Below are records to give again exactly; omit each image they contain.
** Opening Material for the task block **
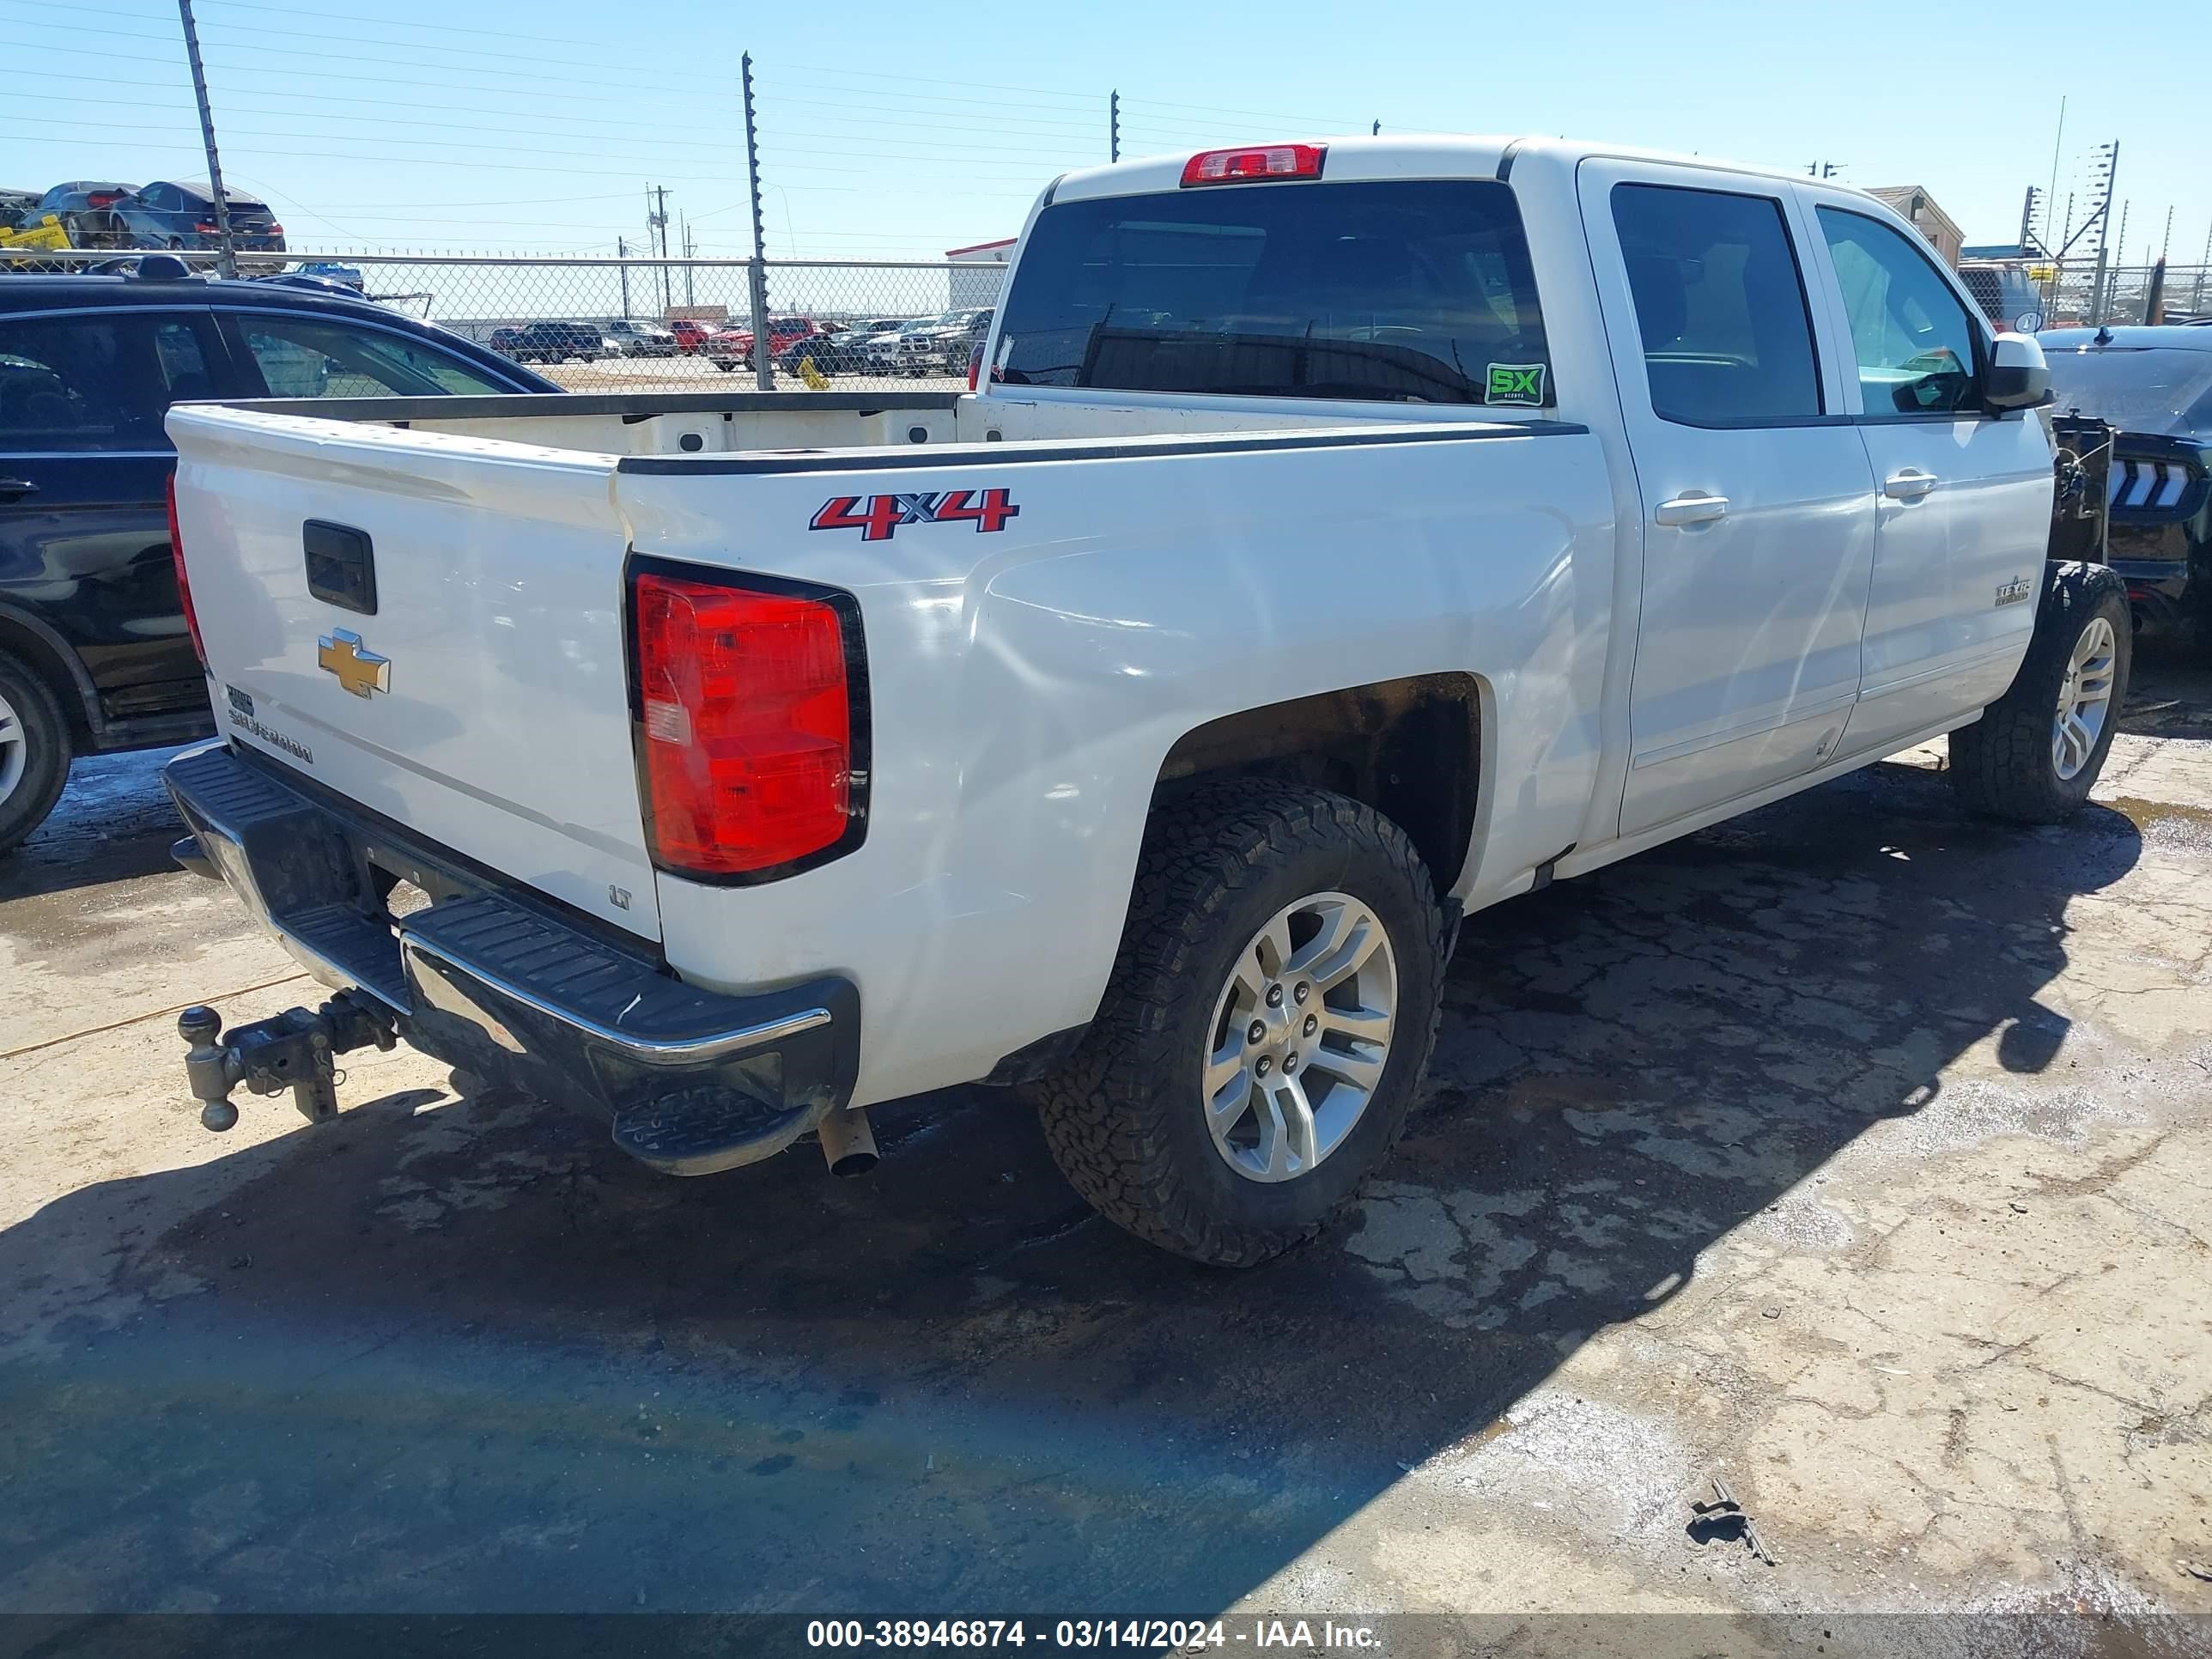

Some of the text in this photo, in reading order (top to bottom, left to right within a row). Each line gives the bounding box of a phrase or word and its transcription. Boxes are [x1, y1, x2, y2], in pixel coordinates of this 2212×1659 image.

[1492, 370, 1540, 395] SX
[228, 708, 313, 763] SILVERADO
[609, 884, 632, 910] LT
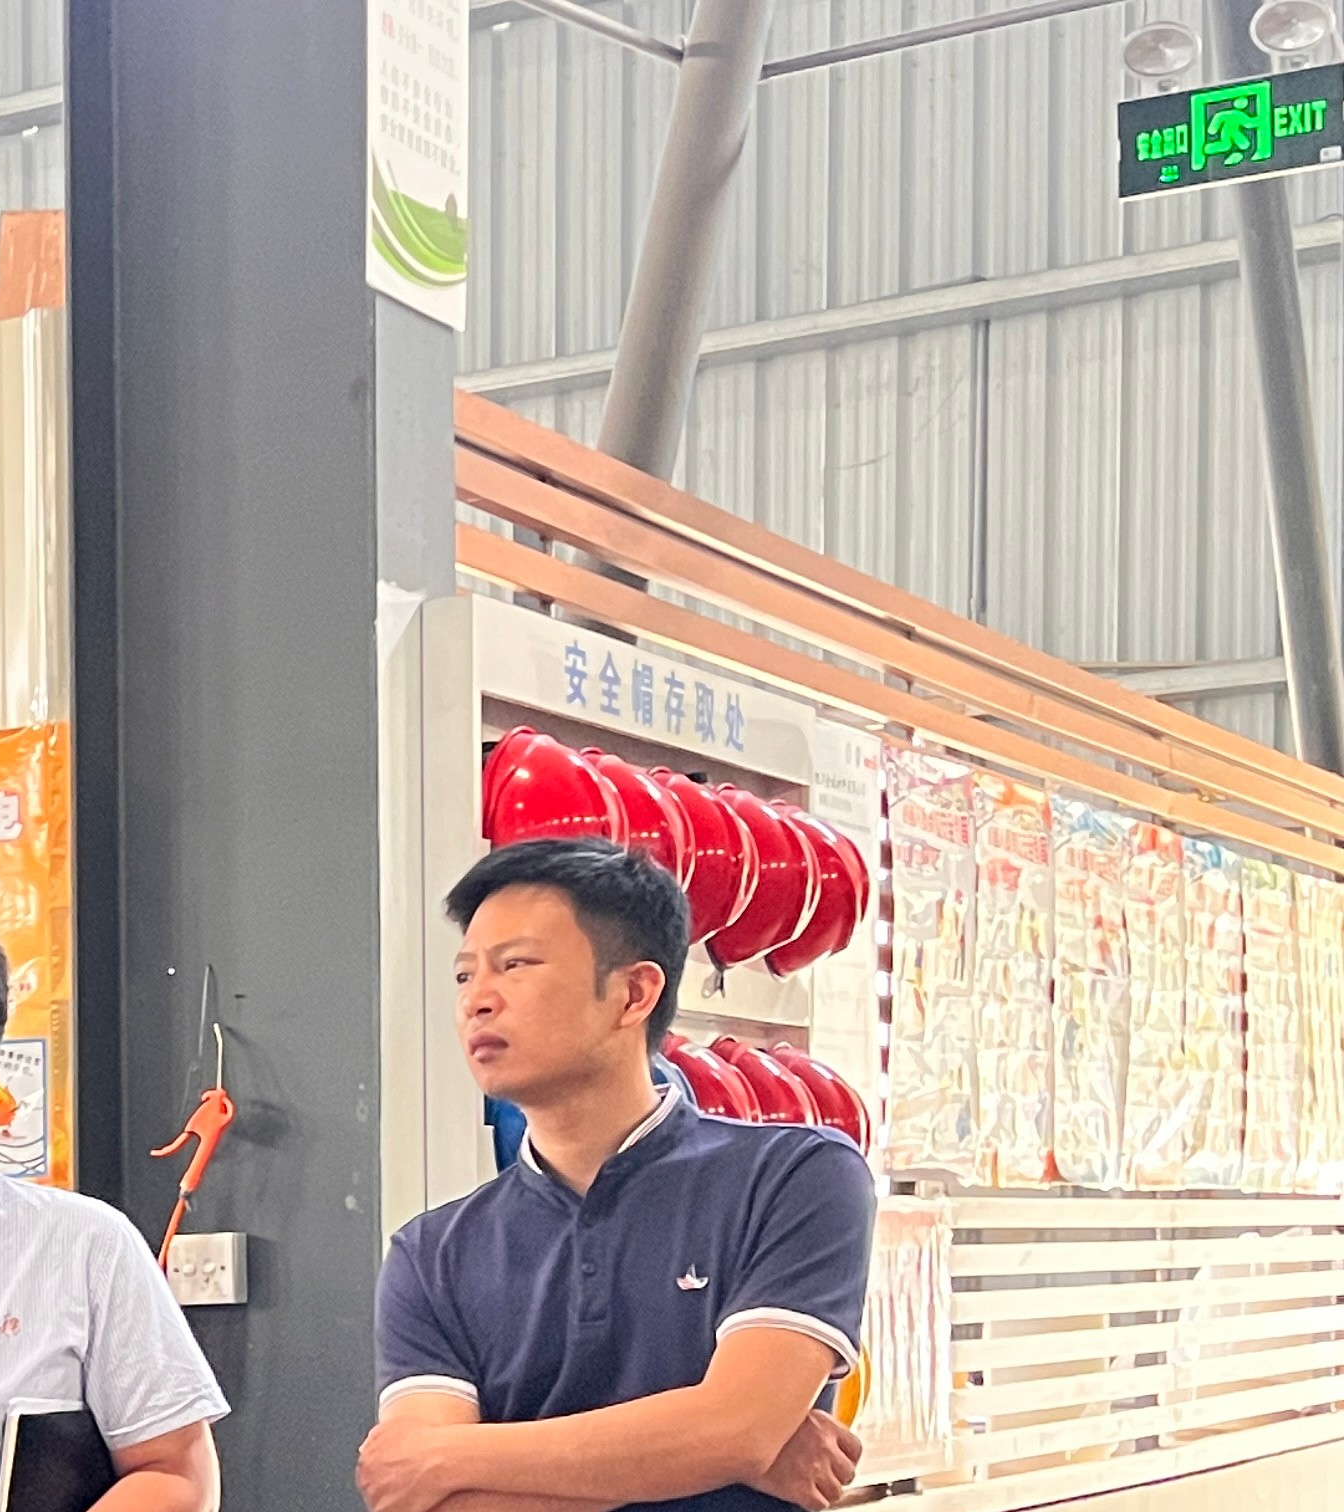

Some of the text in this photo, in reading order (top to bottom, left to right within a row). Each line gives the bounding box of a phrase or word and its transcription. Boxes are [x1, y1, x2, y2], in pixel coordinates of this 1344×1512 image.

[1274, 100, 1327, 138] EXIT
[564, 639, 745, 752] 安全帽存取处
** Closing Material for the task block **
**Final answer**
Some of the text in this photo, in reading order (top to bottom, left to right within a row). Each line gives the bounding box of a phrase or word and its transcription. Boxes are [x1, y1, x2, y2], in pixel coordinates of this 2212×1659 image.

[1492, 370, 1540, 395] SX
[228, 708, 313, 763] SILVERADO
[609, 884, 632, 910] LT

Some of the text in this photo, in reading order (top to bottom, left to right within a row). Each line gives the bounding box of a phrase or word and its transcription. Boxes are [x1, y1, x2, y2], in pixel coordinates of this 1344×1512 image.

[1274, 100, 1327, 138] EXIT
[564, 639, 745, 752] 安全帽存取处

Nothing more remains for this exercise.